- Born: 28 May 1535 London
- Died: 1604 (aged 68–69) London
- Education: Peterhouse, Cambridge
- Occupations: Justice of the Peace, author and translator
- Known for: Translating Plutarch's Lives into English
- Parent(s): Edward North, 1st Baron North, Alice Brockenden
- Relatives: Roger North, 2nd Baron North (brother); Alice Arden in Arden of Faversham (half-sister); Elizabeth North (daughter); Christina North, Mary North (sisters)

= Thomas North =

English translator and lawyer (1535–c.1604)

Sir Thomas North (28 May 1535 – c. 1604) was an English translator, military officer, lawyer, and justice of the peace. His translation into English of Plutarch's Parallel Lives is notable for being the main source text used by William Shakespeare for his Roman plays. He was the second son of Edward North, the 1st Baron North, and brother to Roger North. He maintained a long literary career, spanning four decades, but likely faced financial difficulties later in life due to receiving little inheritance. It has recently been hypothesised that all of his published translations may have influenced the Shakespearean theatrical canon, and that he may himself have known William Shakespeare.

==Life==
Thomas North was born between 9 and 10 o'clock at night on Friday, 28 May 1535, in the parish of St Alban, Wood Street, in the City of London. He was the second son of the Edward North, 1st Baron North.

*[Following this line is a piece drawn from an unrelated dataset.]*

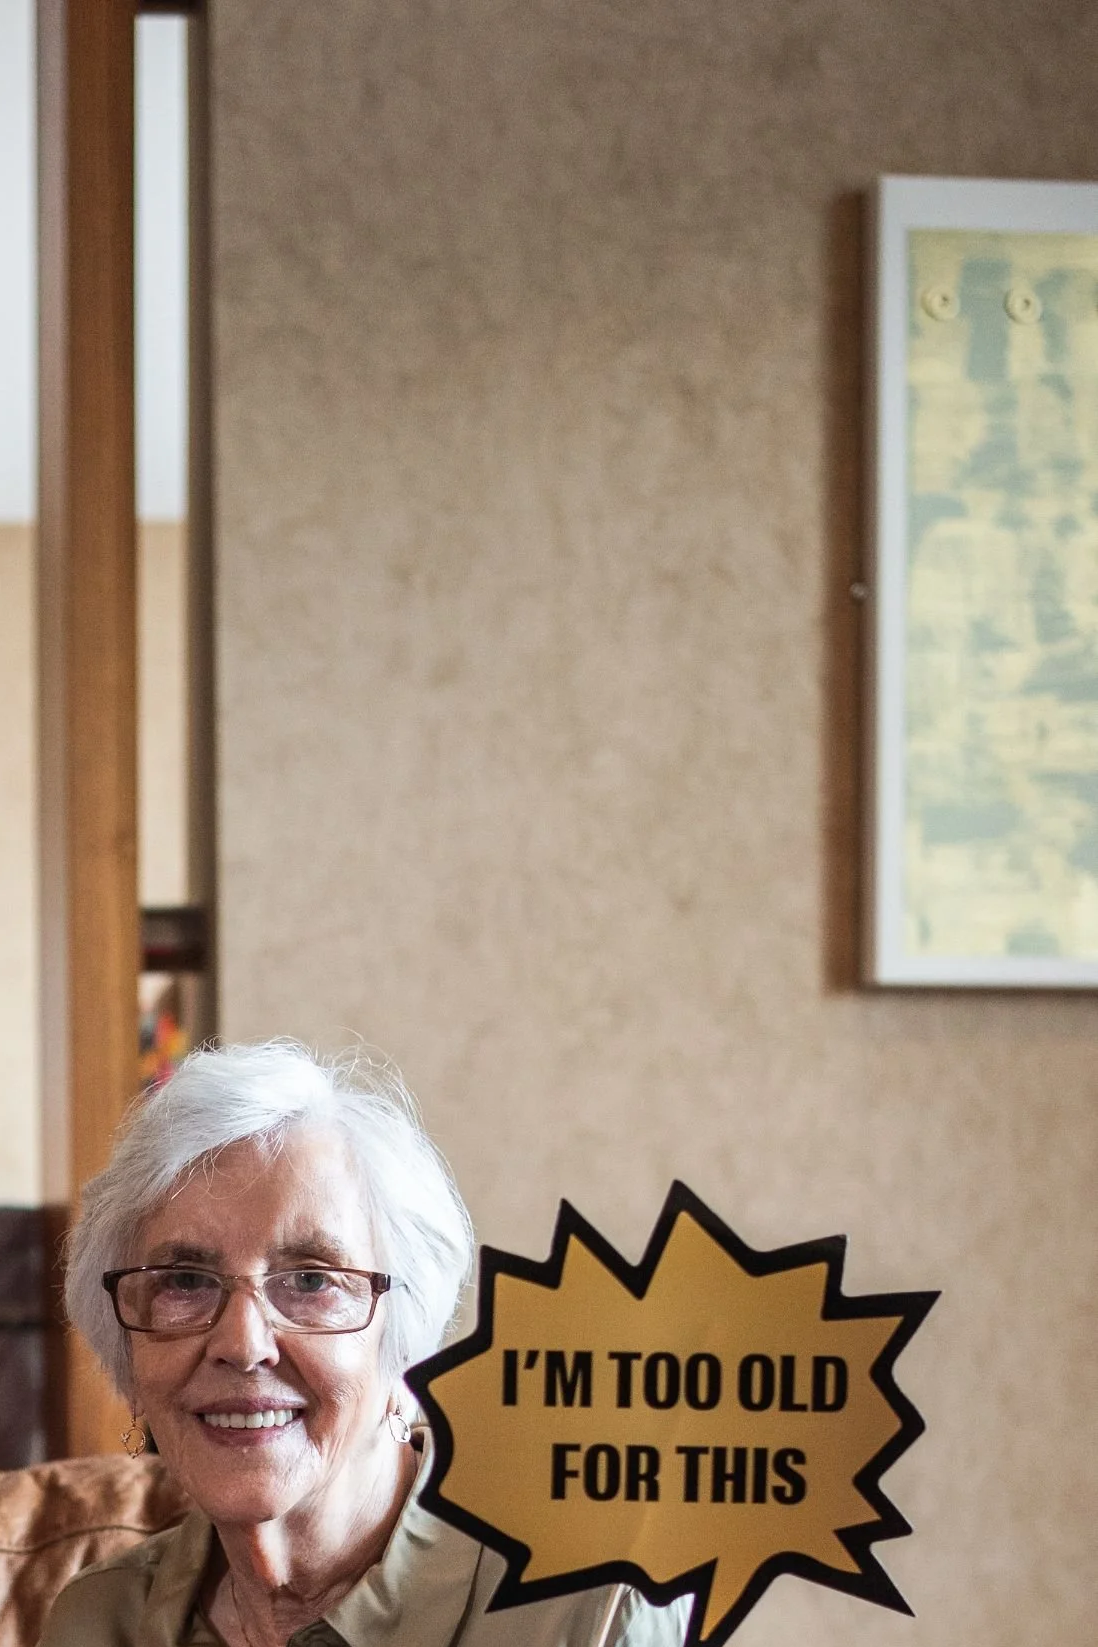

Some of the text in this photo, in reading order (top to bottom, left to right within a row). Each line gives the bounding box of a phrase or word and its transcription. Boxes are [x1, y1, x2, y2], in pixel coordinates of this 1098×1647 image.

Thomas likely studied at Peterhouse, Cambridge. In 1555, during the reign of the Catholic Queen Mary, he travelled in an embassy to Rome with Thomas Thirlby, Bishop of Ely (c. 1506-1570), Anthony Browne, Sir Edward Carne (c. 1500-1561), and Viscount Montague (1552-1592). Their mission was to reconcile England with the Pope, and North kept a journal of his travels.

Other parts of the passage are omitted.